Chi giocava in serie minori non aveva questo privilegio: conveniva trovarsi un lavoro da sé, anche perché sicuramente sarebbero stati più i soldi spesi di quelli guadagnati. Già oggi la situazione è migliorata e per chi gioca in serie C, come me, è previsto qualche piccolo rimborso spesa. Ma siamo ancora tutte lavoratrici ed è per questo che i nostri allenamenti si svolgono alla sera dalle 20 alle 22.

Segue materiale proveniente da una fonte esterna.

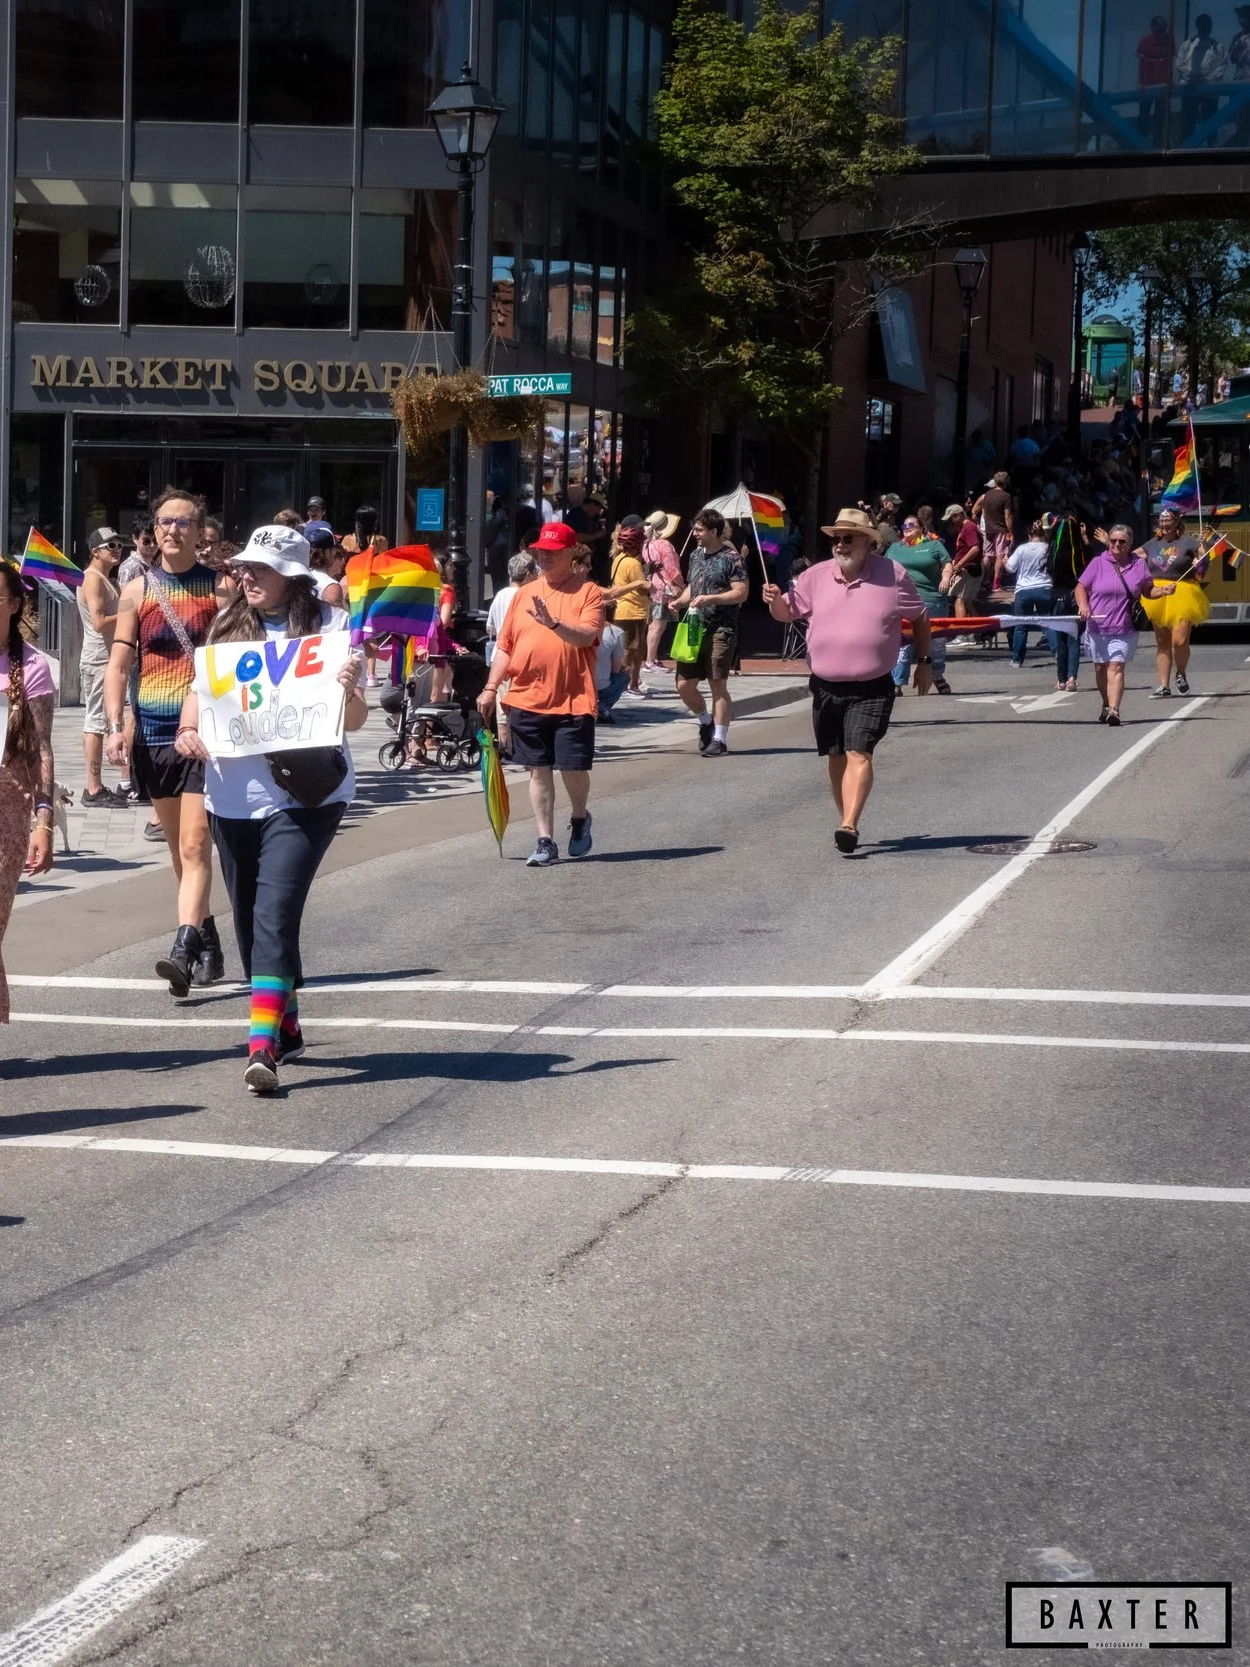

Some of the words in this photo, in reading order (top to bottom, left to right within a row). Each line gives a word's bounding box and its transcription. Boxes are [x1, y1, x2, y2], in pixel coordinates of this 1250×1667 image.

[30, 354, 233, 391] MARKET
[488, 378, 509, 393] PAT
[513, 376, 555, 393] ROCCA
[556, 383, 569, 391] WAY
[206, 636, 324, 700] LOVE
[201, 688, 327, 753] Louder
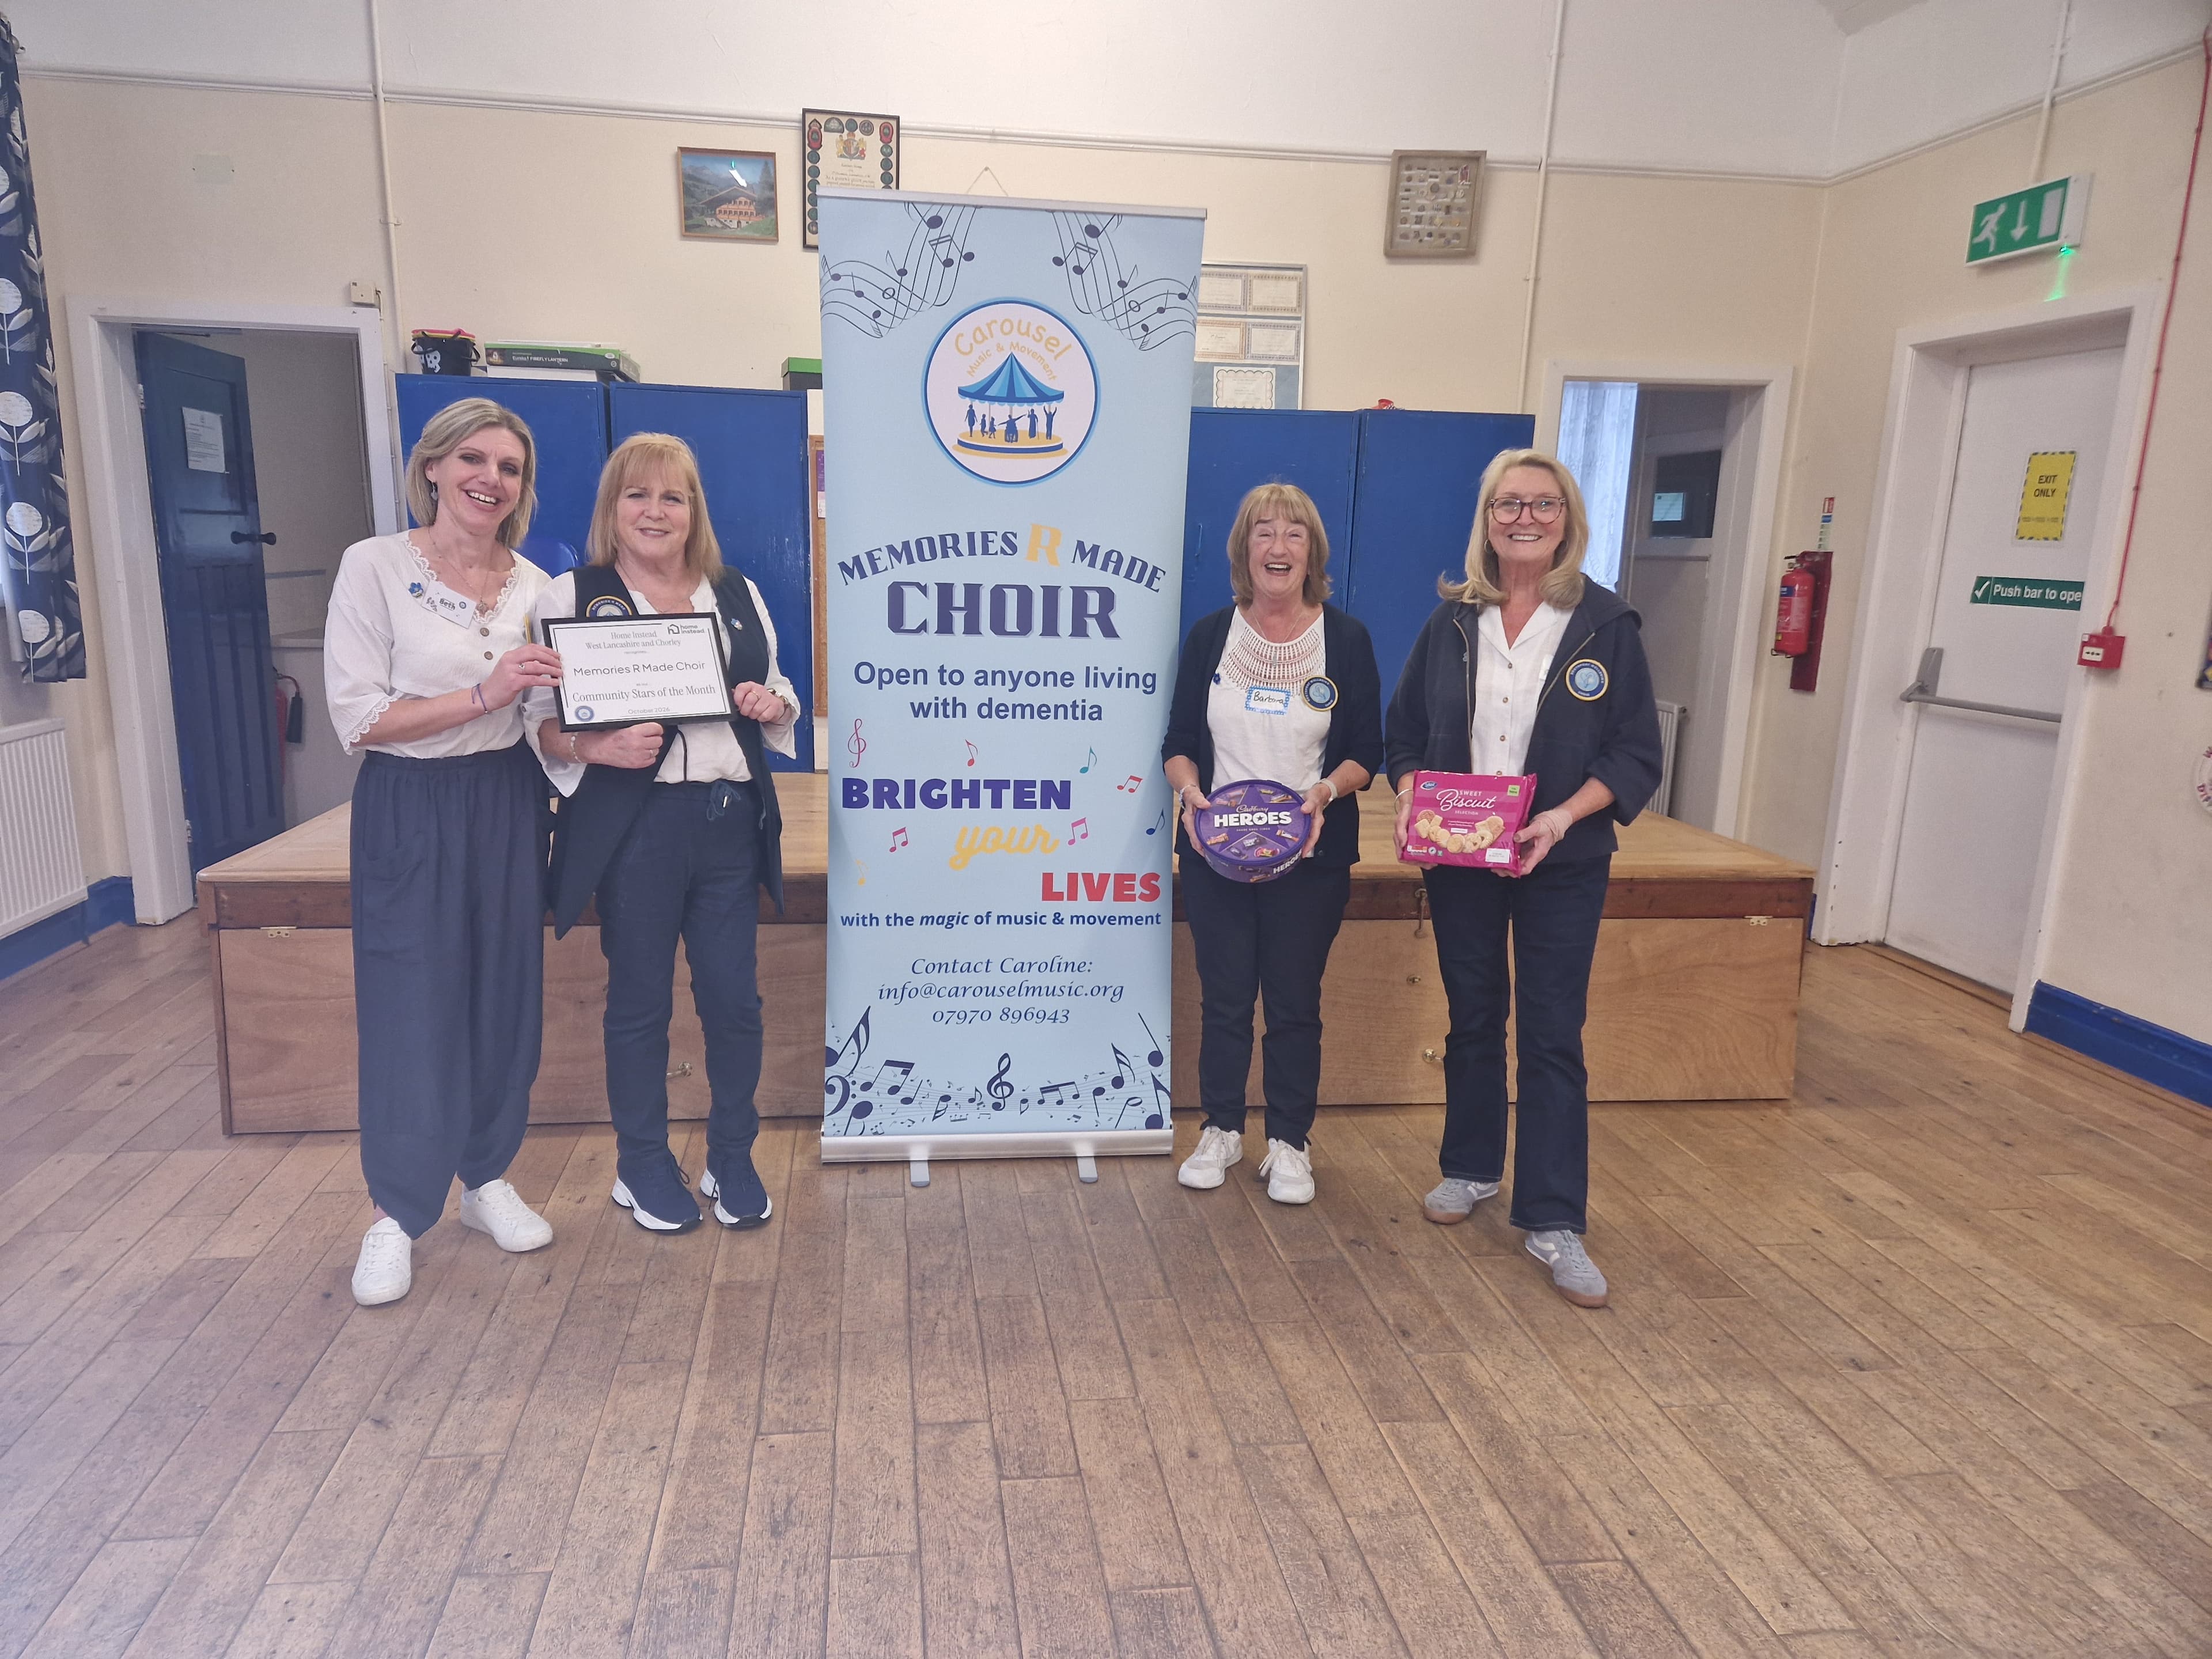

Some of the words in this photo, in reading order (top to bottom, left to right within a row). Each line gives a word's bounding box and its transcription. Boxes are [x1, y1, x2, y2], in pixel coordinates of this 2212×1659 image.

Quando tutti iniziano a rilassarsi sul divano dopo una giornata lavorativa, magari a gennaio quando fuori fanno meno 2 gradi, è proprio lì che la calciatrice con il suo borsone si va ad allenare. Alla faccia della passione, no? C’è poi chi come me non è così fortunata e lavora turnista, quindi la domenica è considerata giornata lavorativa a tutti gli effetti. Facciamo un esempio. Questa domenica abbiamo giocato contro la Spal. Alle 13 ho finito di lavorare a Venezia. Alle 15 ero in campo a Ferrara. Al 90’ segnavo il 3-2 che regalava la vittoria alla mia squadra... Ah no! Questo non è successo.. ma sarebbe stata una bella storia. Con l’amaro in bocca sono tornata a casa, e pure mezza zoppa.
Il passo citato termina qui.